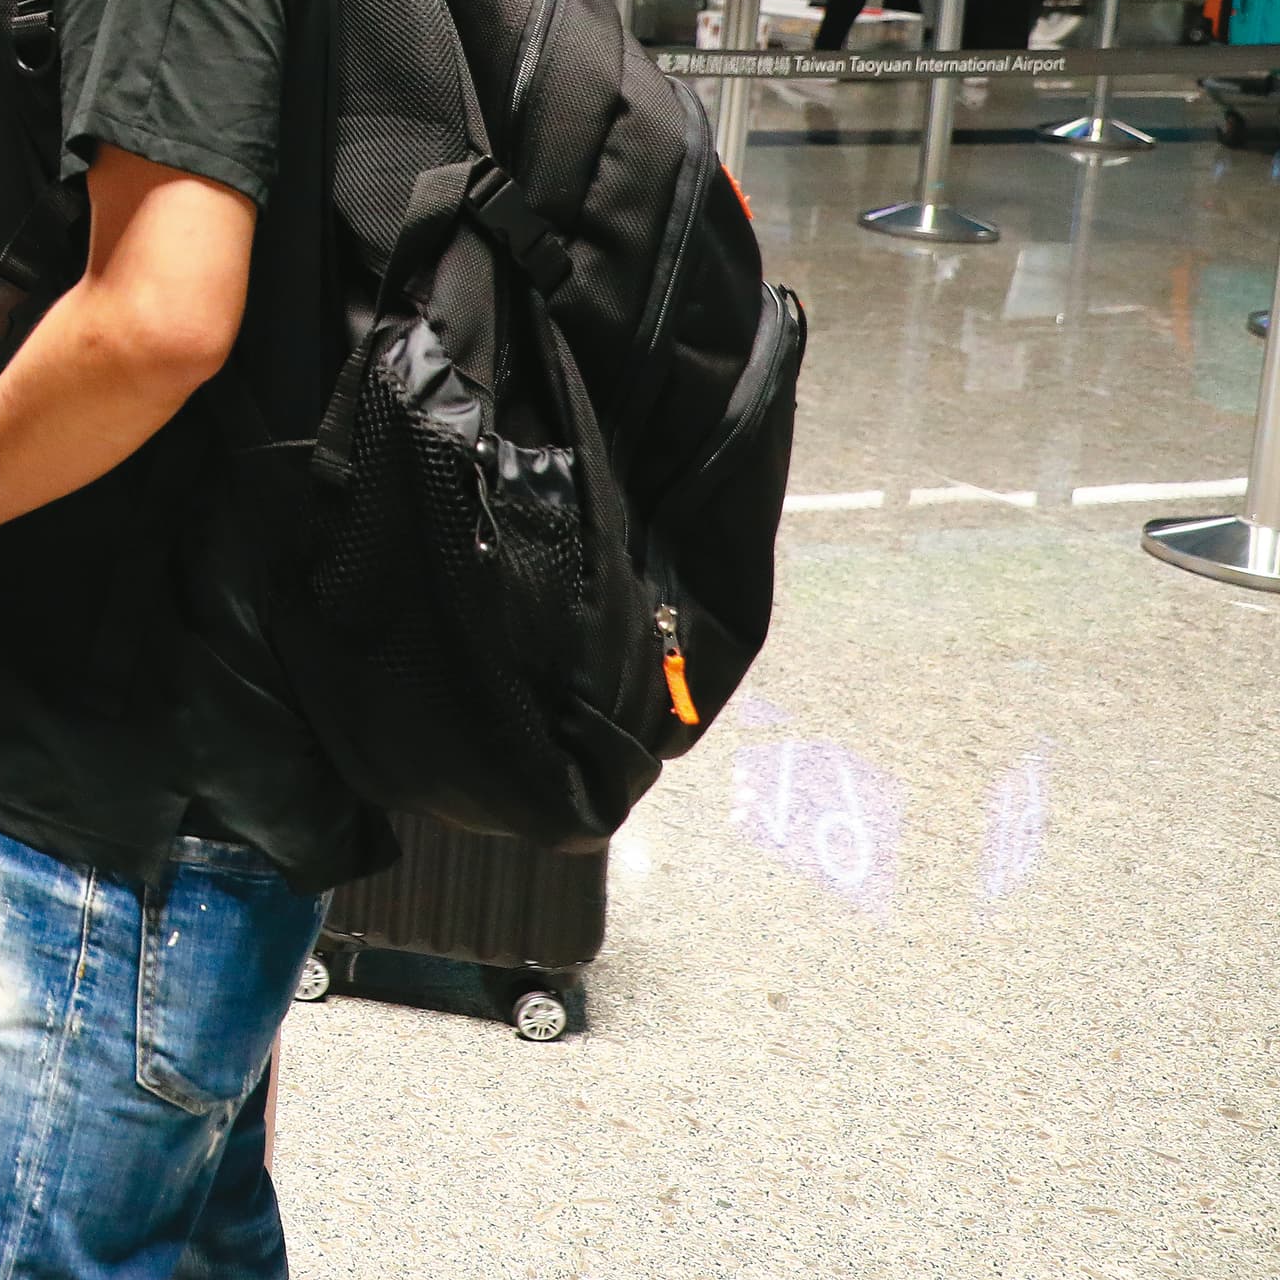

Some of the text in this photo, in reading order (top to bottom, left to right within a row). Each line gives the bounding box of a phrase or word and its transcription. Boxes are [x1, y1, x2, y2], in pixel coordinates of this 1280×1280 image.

[795, 55, 845, 73] Taiwan
[850, 57, 911, 76] Taoyuan
[915, 56, 1009, 74] International
[1011, 56, 1065, 75] Airport

■ **TASK REQUIREMENTS**:
Will you restate every entry word for word and omit the images?

■ **THE ANSWER**:
Some of the text in this photo, in reading order (top to bottom, left to right within a row). Each line gives the bounding box of a phrase or word and its transcription. Boxes are [x1, y1, x2, y2], in pixel coordinates of this 1280×1280 image.

[795, 55, 845, 73] Taiwan
[850, 57, 911, 76] Taoyuan
[915, 56, 1009, 74] International
[1011, 56, 1065, 75] Airport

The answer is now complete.